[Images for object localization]

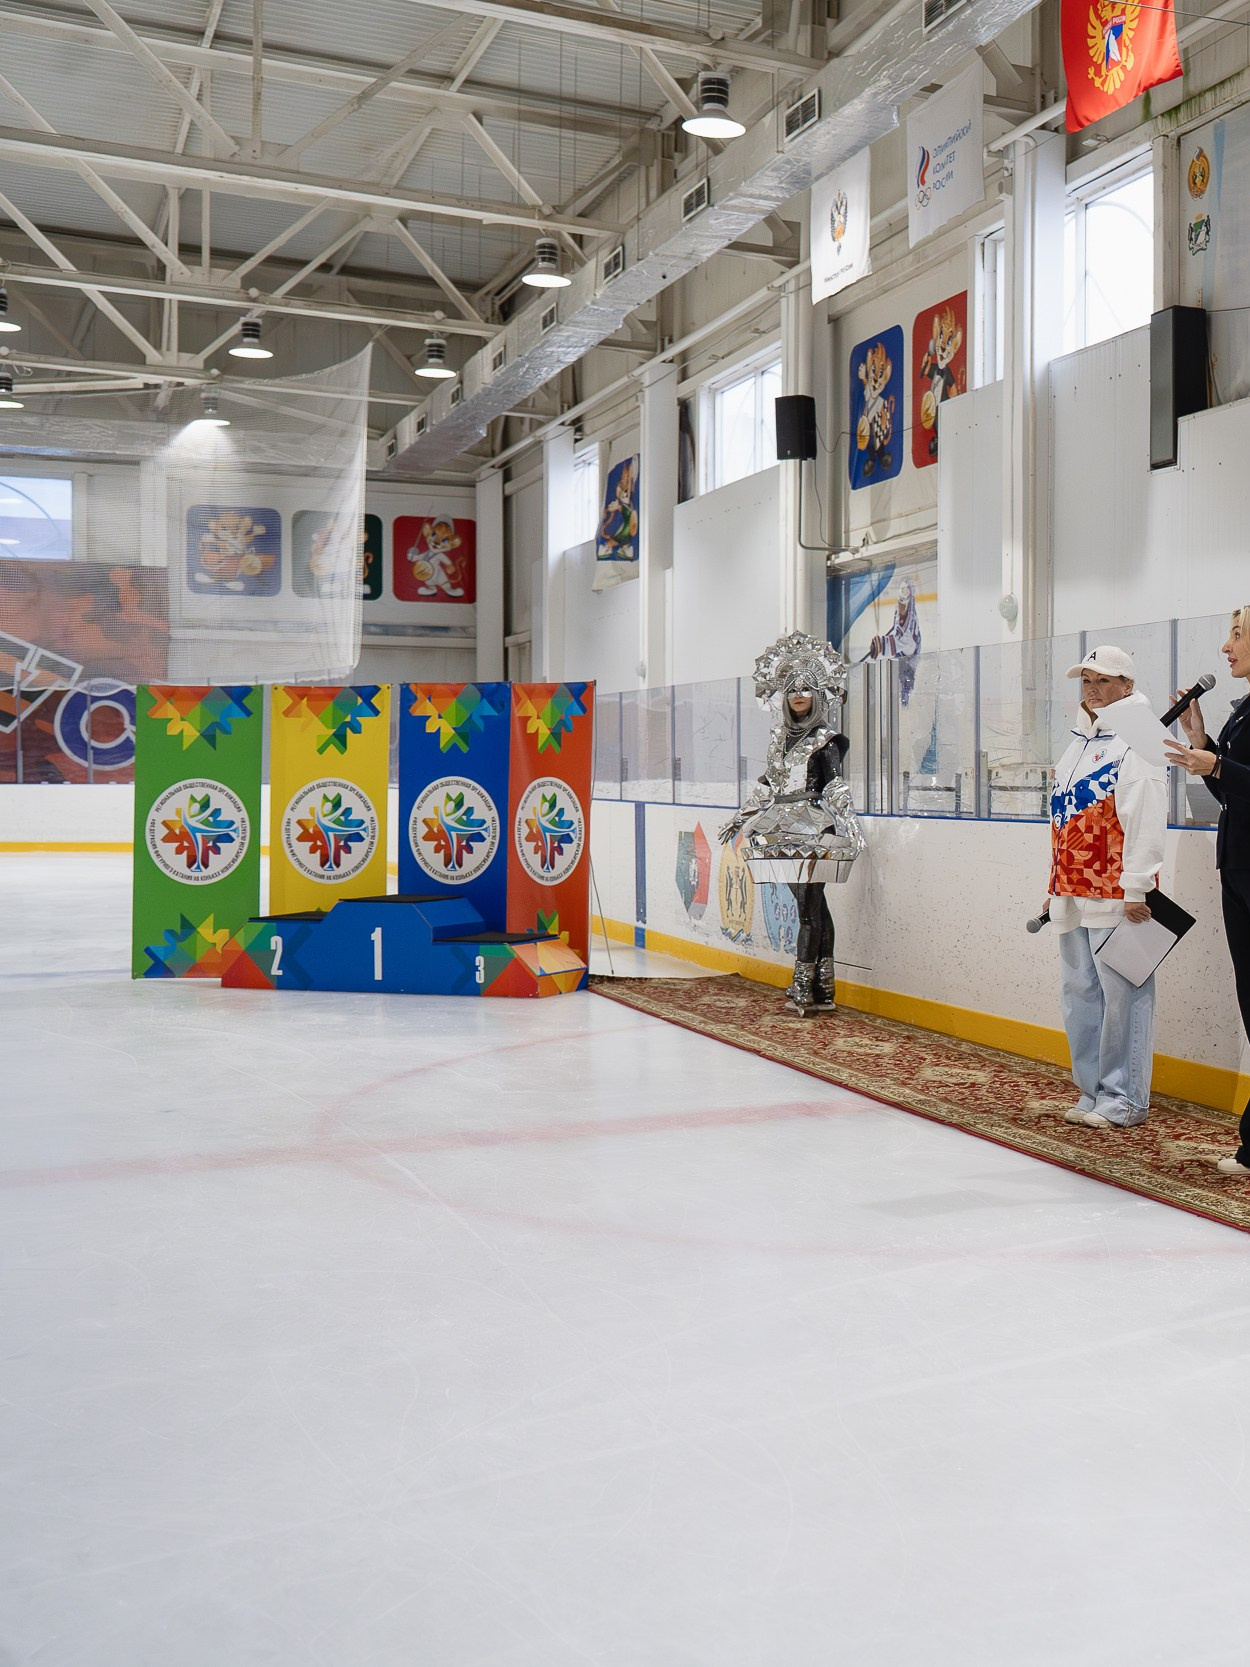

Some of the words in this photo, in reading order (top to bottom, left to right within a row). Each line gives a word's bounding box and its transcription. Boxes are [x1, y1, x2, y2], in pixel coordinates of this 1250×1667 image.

[1087, 651, 1097, 661] A
[270, 935, 283, 976] 2
[371, 927, 383, 981] 1
[475, 956, 485, 984] 3
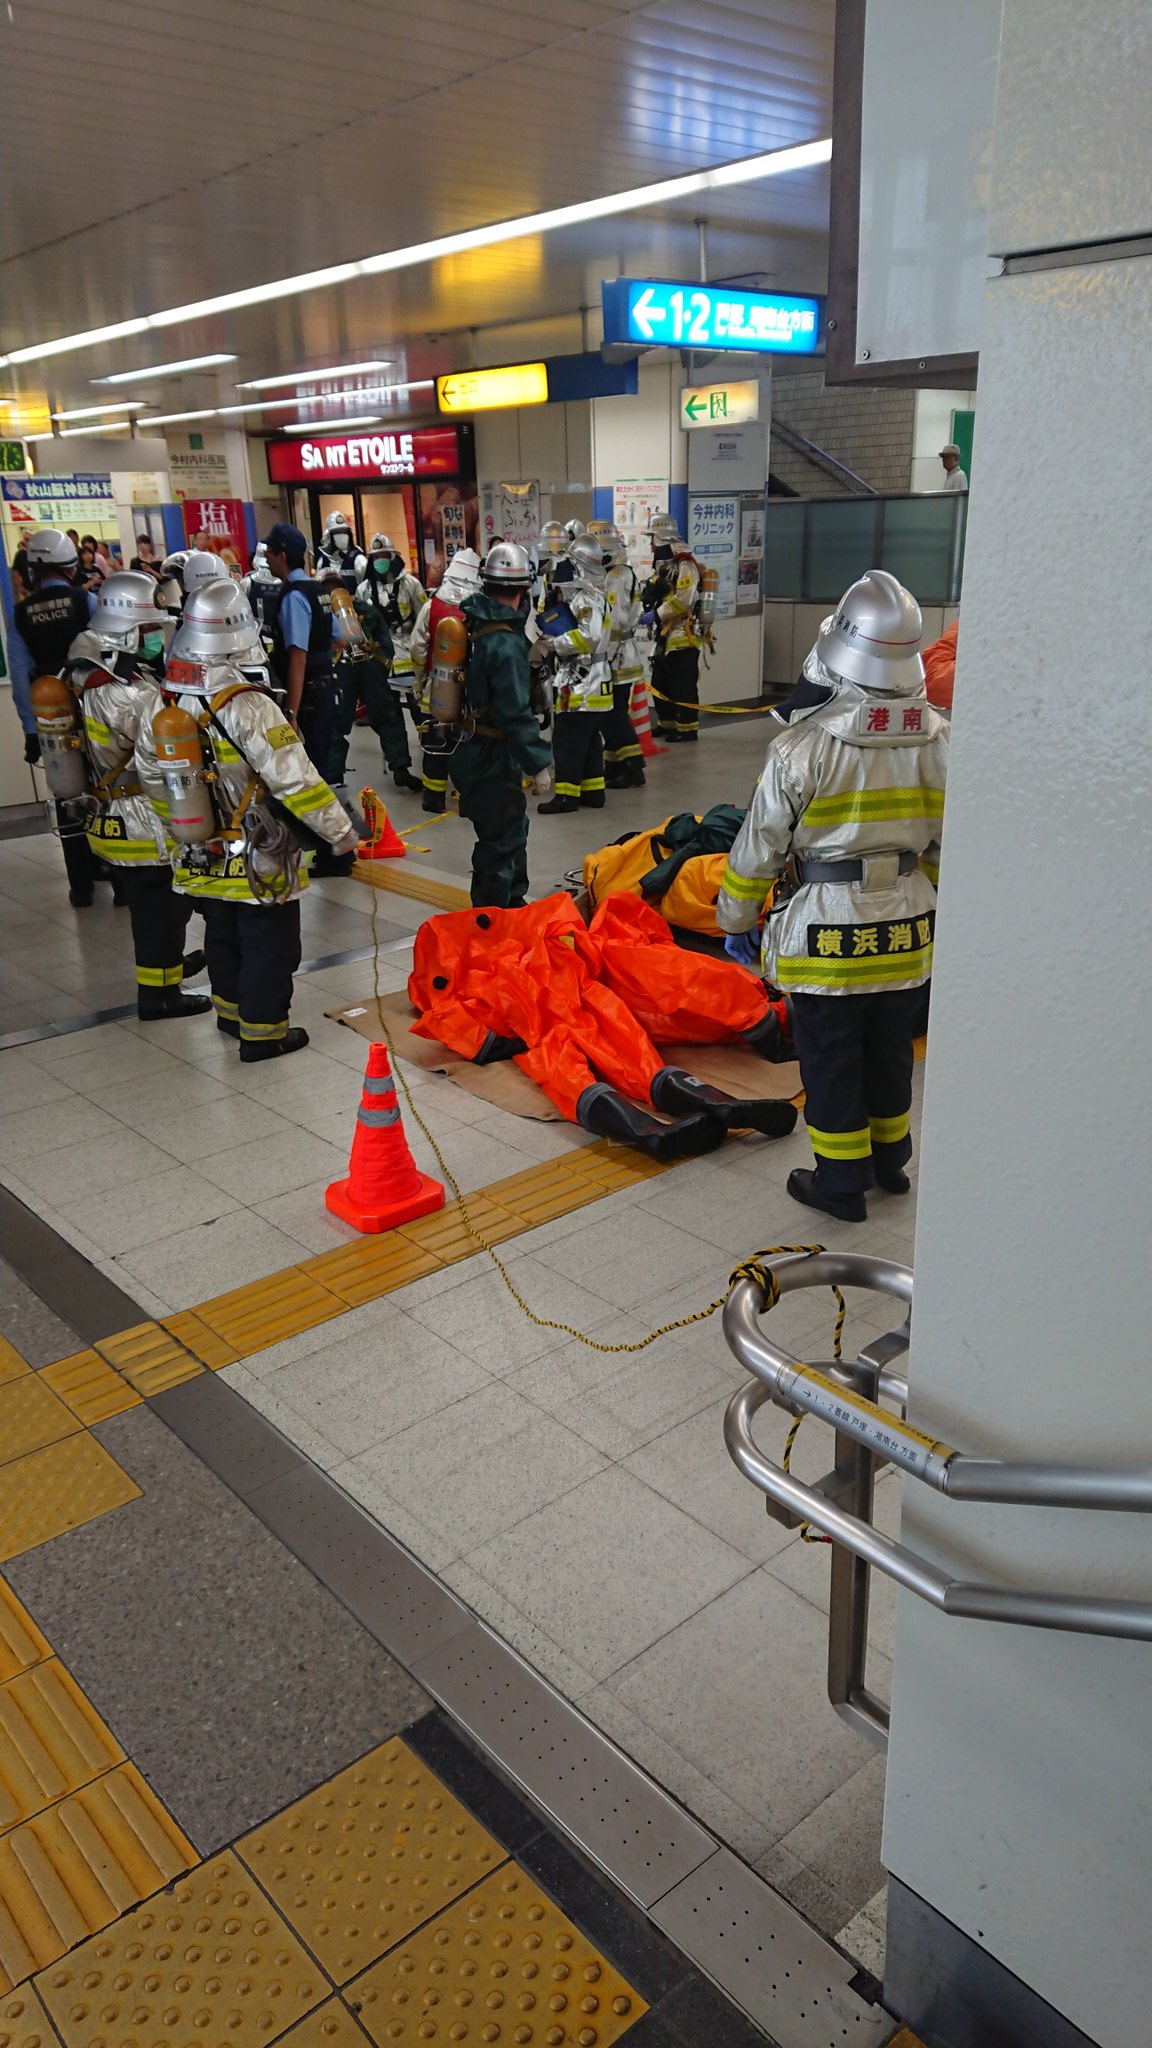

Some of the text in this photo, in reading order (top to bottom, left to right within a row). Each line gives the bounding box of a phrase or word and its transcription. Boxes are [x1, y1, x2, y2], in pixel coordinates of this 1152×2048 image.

_Your goal_
A faithful reproduction of every entry, with no pictures, is the expected answer.

_Result of the task_
Some of the words in this photo, in reading order (top to bottom, left to right within a row). Each line gives a word's bounding box and its transcription. Boxes are [x1, y1, x2, y2], in pixel coordinates of this 1250×1667 image.

[1087, 651, 1097, 661] A
[270, 935, 283, 976] 2
[371, 927, 383, 981] 1
[475, 956, 485, 984] 3

Some of the text in this photo, in reading order (top to bottom, left to right within a row). Each line gives the bounding box of a phrase or word and its transcription. Boxes are [x1, y1, x2, y2], in pixel coordinates of this 1152×2048 image.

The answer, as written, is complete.